** Data **
---
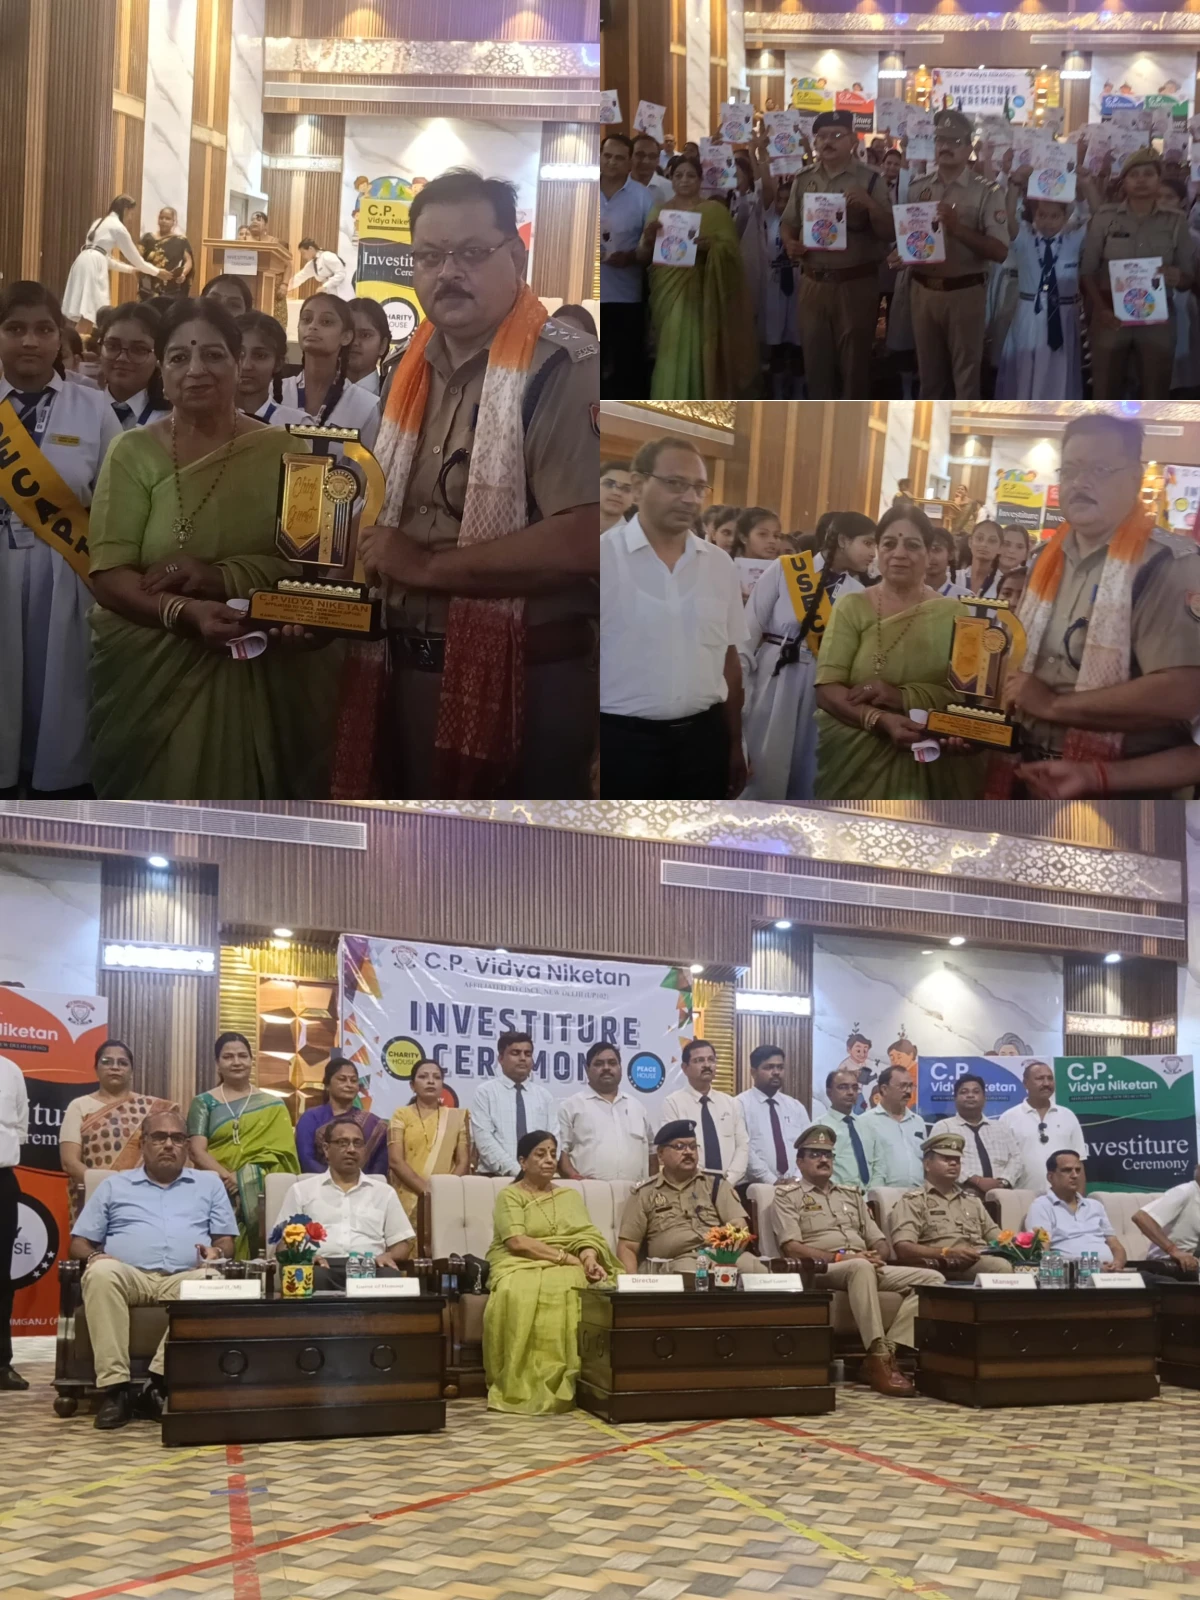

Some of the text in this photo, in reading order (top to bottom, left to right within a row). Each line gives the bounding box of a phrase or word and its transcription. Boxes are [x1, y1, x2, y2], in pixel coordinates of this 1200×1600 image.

[950, 84, 1018, 95] INVESTITURE
[368, 204, 396, 217] C.P.
[368, 217, 390, 225] Vidya
[363, 251, 414, 267] Investit
[394, 267, 414, 277] Cere
[389, 321, 408, 329] OUSE
[11, 467, 90, 557] CAPT
[790, 557, 816, 613] USE
[280, 595, 315, 607] VIDYA
[317, 600, 369, 613] NIKETAN
[424, 951, 468, 973] C.P.
[547, 962, 631, 987] Niketan
[410, 1000, 639, 1046] INVESTITURE
[388, 1050, 420, 1059] CHARITY
[432, 1043, 588, 1081] CERMON
[637, 1065, 657, 1073] PEACE
[1067, 1062, 1114, 1081] C.P.
[930, 1082, 1017, 1095] Vidy ketan
[1068, 1080, 1158, 1095] Vidya Niketan
[1084, 1134, 1189, 1157] vestiture
[1122, 1157, 1190, 1172] Ceremony
[992, 1278, 1020, 1286] Manager
[9, 1317, 48, 1327] IMGANJ
---
** Work request **
With images omitted, retype the data word for word.

** Response to this task **
Some of the text in this photo, in reading order (top to bottom, left to right within a row). Each line gives the bounding box of a phrase or word and its transcription. Boxes are [x1, y1, x2, y2], in pixel coordinates of this 1200×1600 image.

[950, 84, 1018, 95] INVESTITURE
[368, 204, 396, 217] C.P.
[368, 217, 390, 225] Vidya
[363, 251, 414, 267] Investit
[394, 267, 414, 277] Cere
[389, 321, 408, 329] OUSE
[11, 467, 90, 557] CAPT
[790, 557, 816, 613] USE
[280, 595, 315, 607] VIDYA
[317, 600, 369, 613] NIKETAN
[424, 951, 468, 973] C.P.
[547, 962, 631, 987] Niketan
[410, 1000, 639, 1046] INVESTITURE
[388, 1050, 420, 1059] CHARITY
[432, 1043, 588, 1081] CERMON
[637, 1065, 657, 1073] PEACE
[1067, 1062, 1114, 1081] C.P.
[930, 1082, 1017, 1095] Vidy ketan
[1068, 1080, 1158, 1095] Vidya Niketan
[1084, 1134, 1189, 1157] vestiture
[1122, 1157, 1190, 1172] Ceremony
[992, 1278, 1020, 1286] Manager
[9, 1317, 48, 1327] IMGANJ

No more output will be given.